12 August 2007

The Putin Youth

Meet "Nashi", Russia's frightening semi-official youth organization, already being compared -- even by some Russians -- to the Hitler Youth. Its mission is to brainwash the young with pro-Putin and anti-Western propaganda, and mobilize them into mobs to intimidate those whom the regime deems enemies, as happened with the siege of the Estonian embassy in Moscow during the recent Bronze Soldier crisis. Nashi (the word means "Ours" in Russian) would doubtless form a dangerous obstacle to any concerted Russian move toward democracy similar to Ukraine's Orange Revolution.
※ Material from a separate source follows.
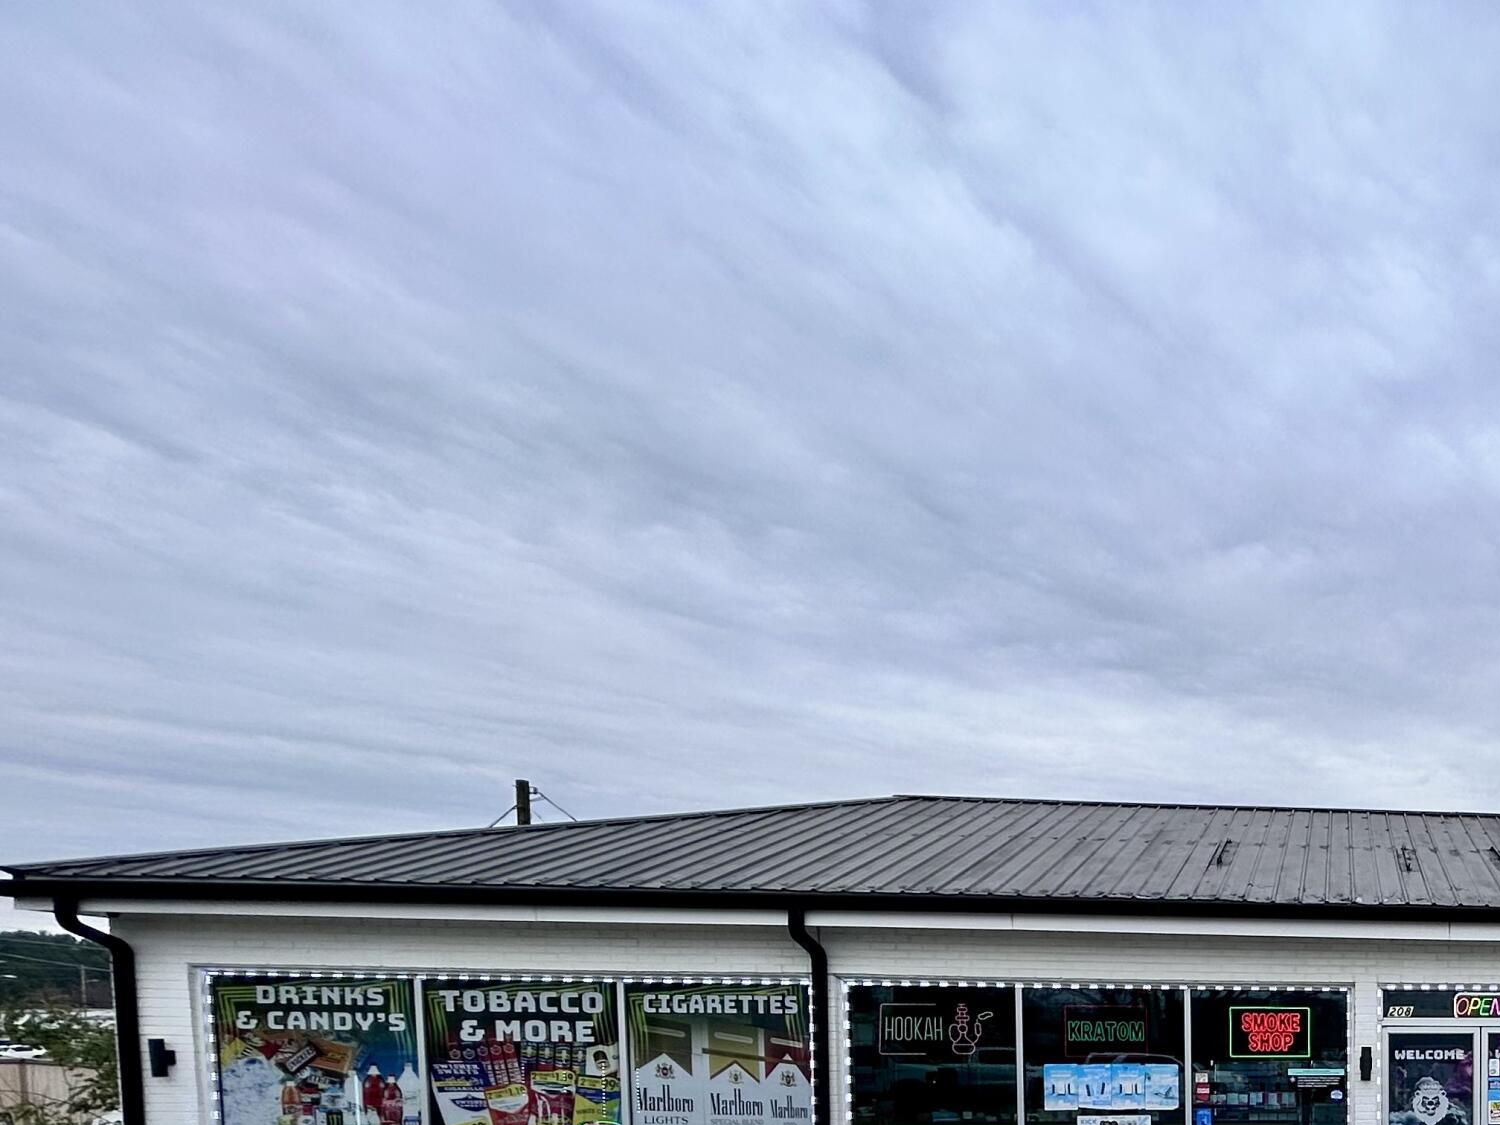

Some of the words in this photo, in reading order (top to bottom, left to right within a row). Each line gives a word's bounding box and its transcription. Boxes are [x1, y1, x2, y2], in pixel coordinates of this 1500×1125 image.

One might feel tempted to praise Nashi's opposition to cigarettes and alcohol, the scourges which have driven Russia's male life expectancy down to near-Third-World levels. But it is perfectly possible to combat toxic addictions without immersing people in a crypto-fascist cult atmosphere, as the success of anti-smoking campaigns in the US and Britain shows. Similarly, the startlingly un-fascist-like policy of encouraging sex at Nashi summer camp does not mean that the organization is sex-positive in a healthy sense; rather, it is cynically trying to exploit the natural instincts of young people to boost Russia's low birth rate.

Nashi is yet another sign of the hideously-disappointing wrong turn which Russia has taken since Putin's rise to power in 2000.